Task item →
Word for word, restate all the records; images are not part of the copy.

(Dataset excerpts)
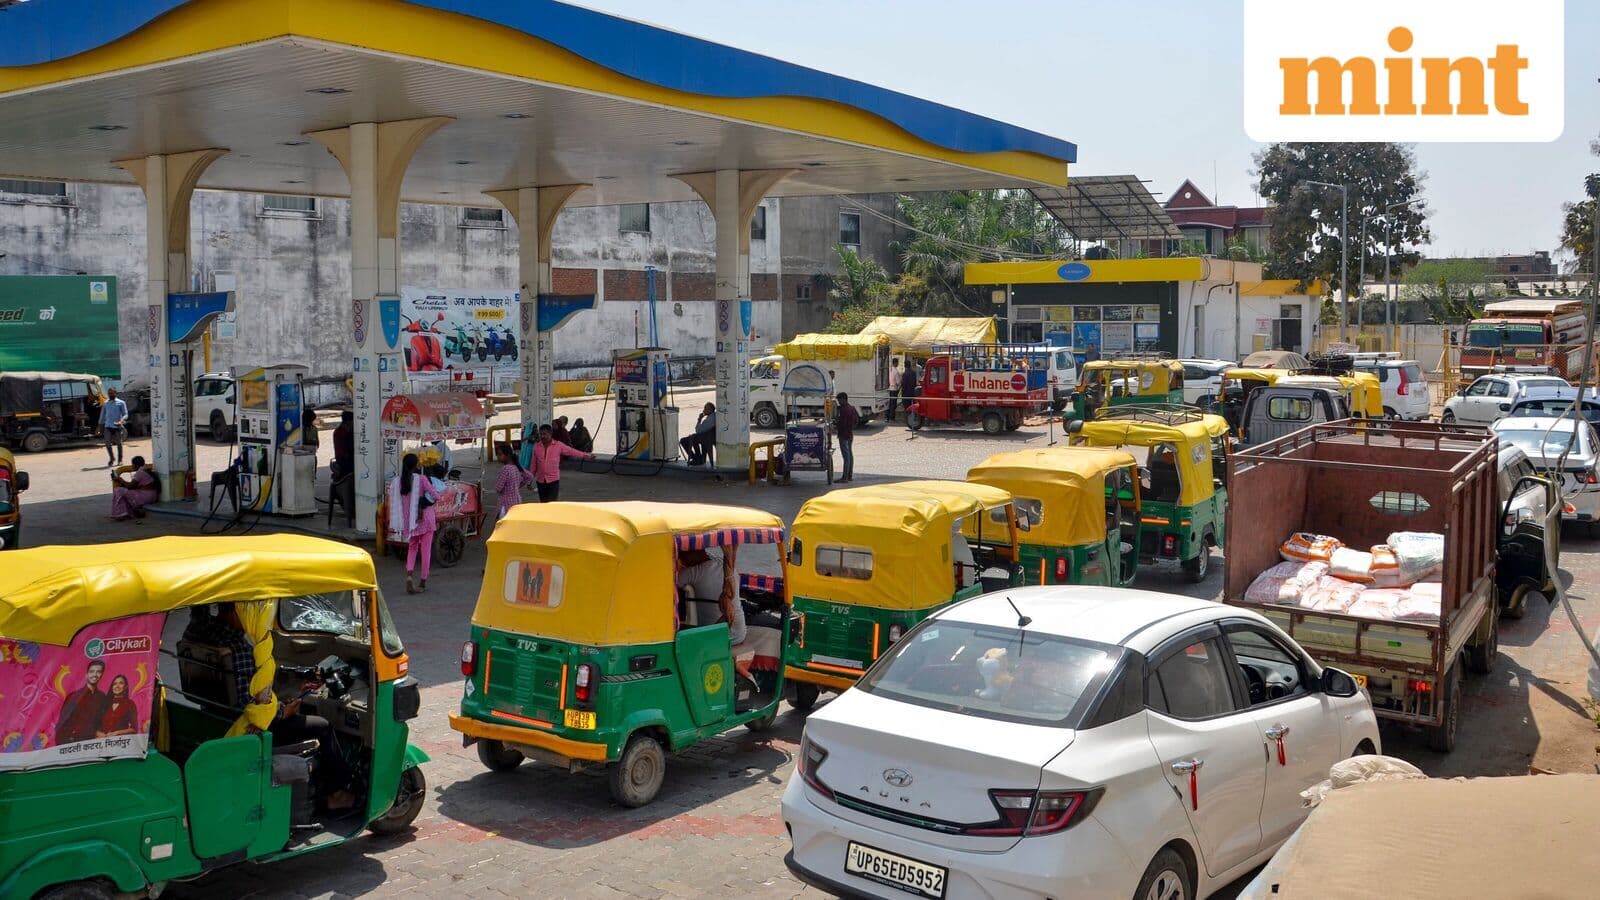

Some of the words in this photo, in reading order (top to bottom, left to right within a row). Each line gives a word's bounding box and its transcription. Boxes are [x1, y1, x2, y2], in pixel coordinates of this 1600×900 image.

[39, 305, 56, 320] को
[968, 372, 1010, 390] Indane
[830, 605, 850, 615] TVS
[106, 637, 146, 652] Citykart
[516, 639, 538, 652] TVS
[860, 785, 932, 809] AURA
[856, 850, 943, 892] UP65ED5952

Written reply →
Some of the words in this photo, in reading order (top to bottom, left to right within a row). Each line gives a word's bounding box and its transcription. Boxes are [x1, y1, x2, y2], in pixel coordinates of this 1600×900 image.

[39, 305, 56, 320] को
[968, 372, 1010, 390] Indane
[830, 605, 850, 615] TVS
[106, 637, 146, 652] Citykart
[516, 639, 538, 652] TVS
[860, 785, 932, 809] AURA
[856, 850, 943, 892] UP65ED5952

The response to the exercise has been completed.